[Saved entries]
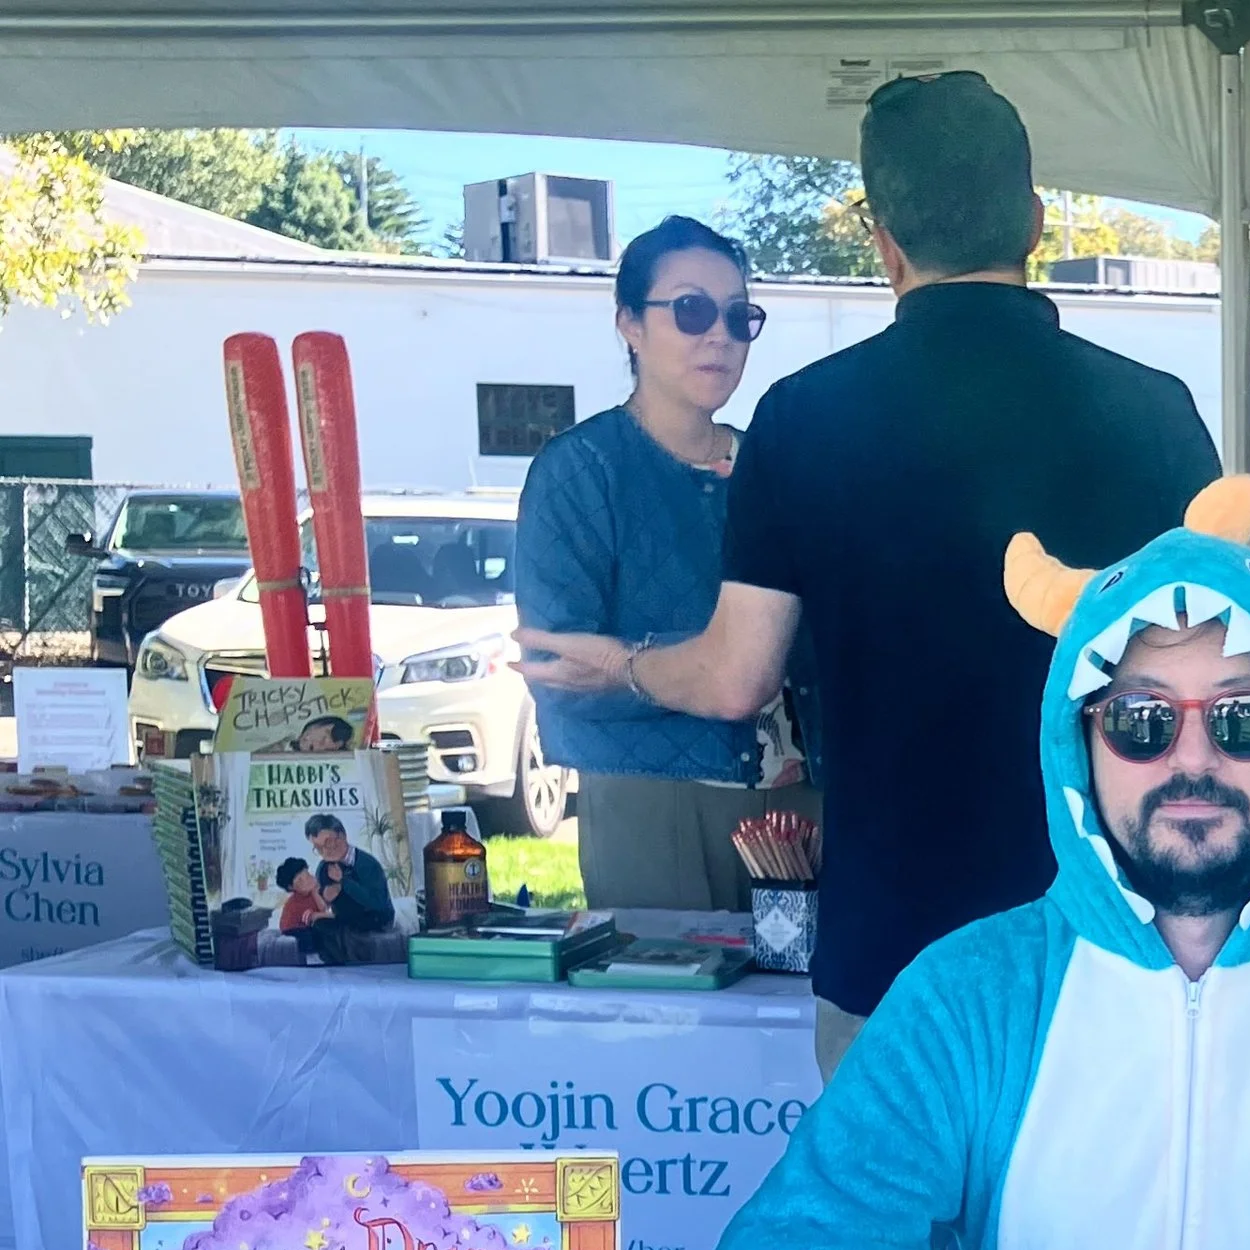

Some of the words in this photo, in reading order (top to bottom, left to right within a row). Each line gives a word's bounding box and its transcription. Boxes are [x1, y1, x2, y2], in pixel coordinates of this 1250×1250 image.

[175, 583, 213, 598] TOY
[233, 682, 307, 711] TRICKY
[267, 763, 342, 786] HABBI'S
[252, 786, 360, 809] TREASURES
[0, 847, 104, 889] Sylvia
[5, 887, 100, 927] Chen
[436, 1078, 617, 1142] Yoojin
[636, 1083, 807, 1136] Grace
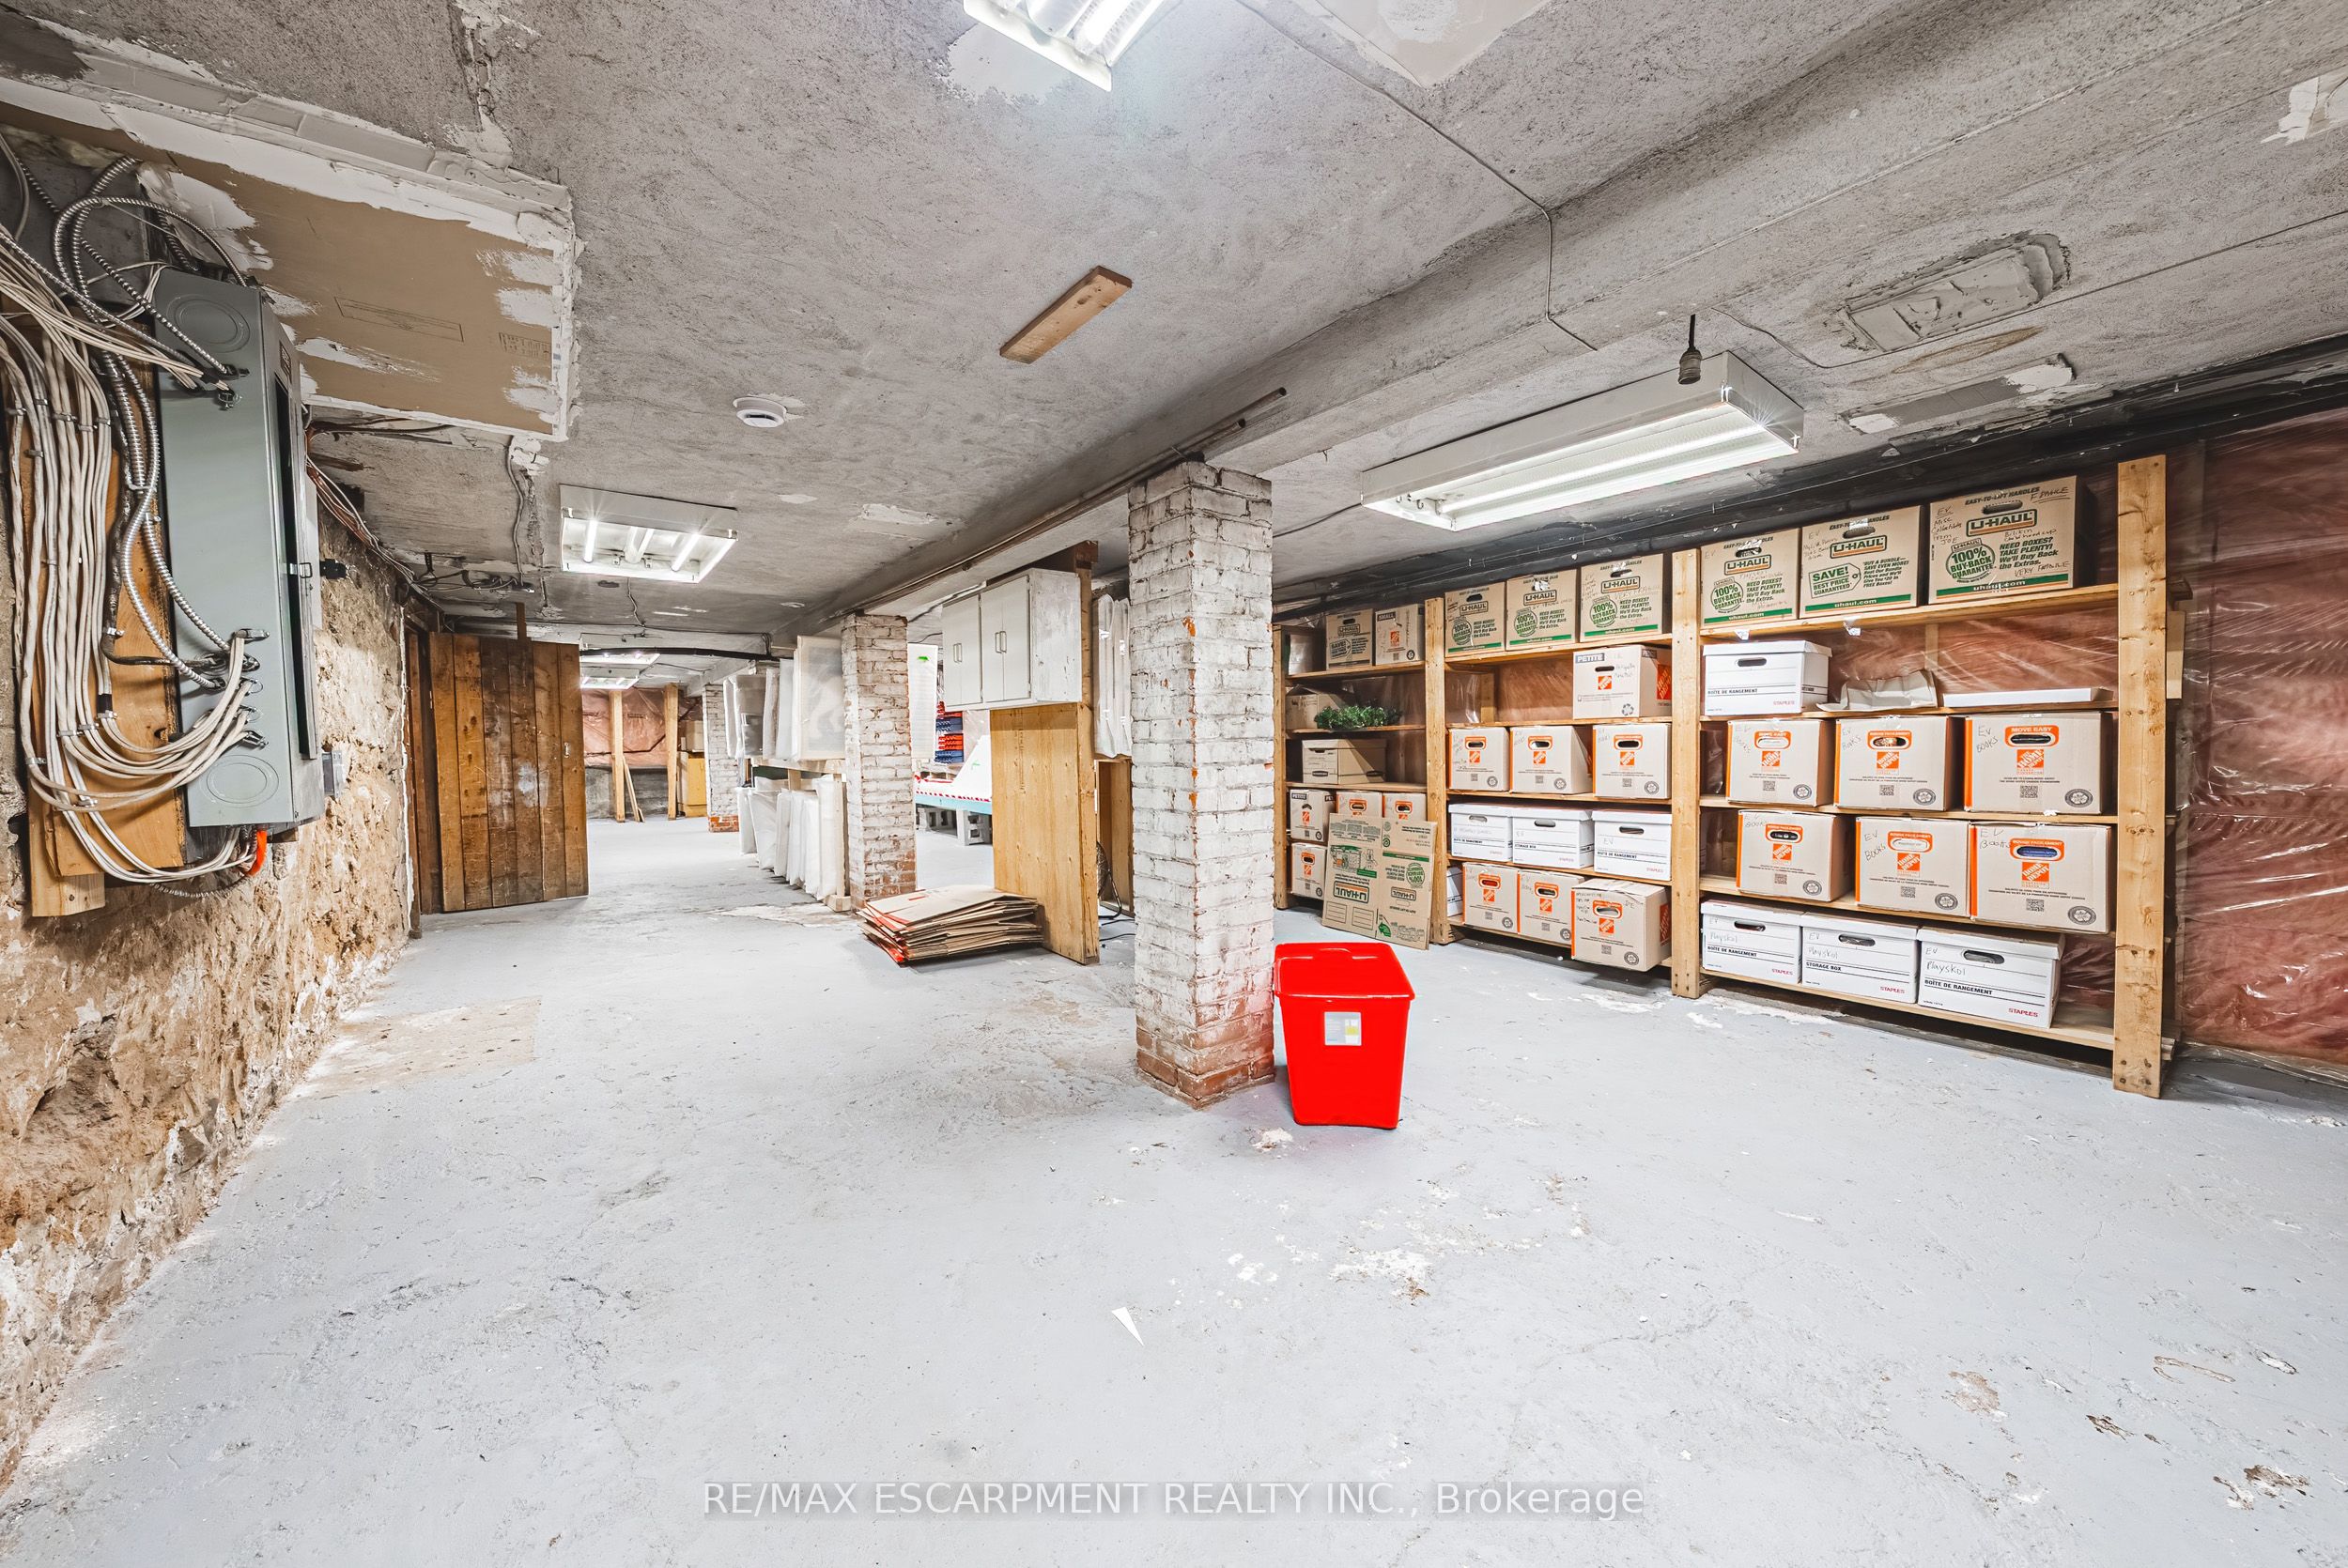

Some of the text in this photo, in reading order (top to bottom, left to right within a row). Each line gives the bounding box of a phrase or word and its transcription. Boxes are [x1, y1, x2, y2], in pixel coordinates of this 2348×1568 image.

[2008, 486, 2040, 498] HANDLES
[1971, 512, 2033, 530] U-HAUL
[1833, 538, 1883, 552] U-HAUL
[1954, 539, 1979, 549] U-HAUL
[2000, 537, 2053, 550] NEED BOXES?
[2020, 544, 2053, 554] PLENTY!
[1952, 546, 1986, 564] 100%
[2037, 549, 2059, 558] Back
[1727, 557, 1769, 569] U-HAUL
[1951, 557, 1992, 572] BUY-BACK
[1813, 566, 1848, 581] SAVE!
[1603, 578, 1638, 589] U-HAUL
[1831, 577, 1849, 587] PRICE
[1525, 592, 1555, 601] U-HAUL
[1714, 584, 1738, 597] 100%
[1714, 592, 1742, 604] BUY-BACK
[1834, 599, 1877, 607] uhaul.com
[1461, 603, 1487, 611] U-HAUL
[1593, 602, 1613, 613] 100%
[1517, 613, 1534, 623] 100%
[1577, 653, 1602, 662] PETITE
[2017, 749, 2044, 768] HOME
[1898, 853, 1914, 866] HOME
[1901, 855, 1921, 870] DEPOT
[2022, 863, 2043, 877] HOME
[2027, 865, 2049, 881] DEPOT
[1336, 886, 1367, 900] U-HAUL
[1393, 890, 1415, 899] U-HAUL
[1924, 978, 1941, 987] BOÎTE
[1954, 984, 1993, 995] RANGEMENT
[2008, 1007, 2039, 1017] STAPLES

◆ **What the task requires**
All the lines above should be reproduced exactly, and none of the pictures.

◆ **Answer section**
Some of the words in this photo, in reading order (top to bottom, left to right within a row). Each line gives a word's bounding box and its transcription. Boxes are [x1, y1, x2, y2], in pixel coordinates of this 1250×1250 image.

[175, 583, 213, 598] TOY
[233, 682, 307, 711] TRICKY
[267, 763, 342, 786] HABBI'S
[252, 786, 360, 809] TREASURES
[0, 847, 104, 889] Sylvia
[5, 887, 100, 927] Chen
[436, 1078, 617, 1142] Yoojin
[636, 1083, 807, 1136] Grace

Some of the text in this photo, in reading order (top to bottom, left to right within a row). Each line gives the bounding box of a phrase or word and its transcription. Boxes are [x1, y1, x2, y2], in pixel coordinates of this 2348×1568 image.

[2008, 486, 2040, 498] HANDLES
[1971, 512, 2033, 530] U-HAUL
[1833, 538, 1883, 552] U-HAUL
[1954, 539, 1979, 549] U-HAUL
[2000, 537, 2053, 550] NEED BOXES?
[2020, 544, 2053, 554] PLENTY!
[1952, 546, 1986, 564] 100%
[2037, 549, 2059, 558] Back
[1727, 557, 1769, 569] U-HAUL
[1951, 557, 1992, 572] BUY-BACK
[1813, 566, 1848, 581] SAVE!
[1603, 578, 1638, 589] U-HAUL
[1831, 577, 1849, 587] PRICE
[1525, 592, 1555, 601] U-HAUL
[1714, 584, 1738, 597] 100%
[1714, 592, 1742, 604] BUY-BACK
[1834, 599, 1877, 607] uhaul.com
[1461, 603, 1487, 611] U-HAUL
[1593, 602, 1613, 613] 100%
[1517, 613, 1534, 623] 100%
[1577, 653, 1602, 662] PETITE
[2017, 749, 2044, 768] HOME
[1898, 853, 1914, 866] HOME
[1901, 855, 1921, 870] DEPOT
[2022, 863, 2043, 877] HOME
[2027, 865, 2049, 881] DEPOT
[1336, 886, 1367, 900] U-HAUL
[1393, 890, 1415, 899] U-HAUL
[1924, 978, 1941, 987] BOÎTE
[1954, 984, 1993, 995] RANGEMENT
[2008, 1007, 2039, 1017] STAPLES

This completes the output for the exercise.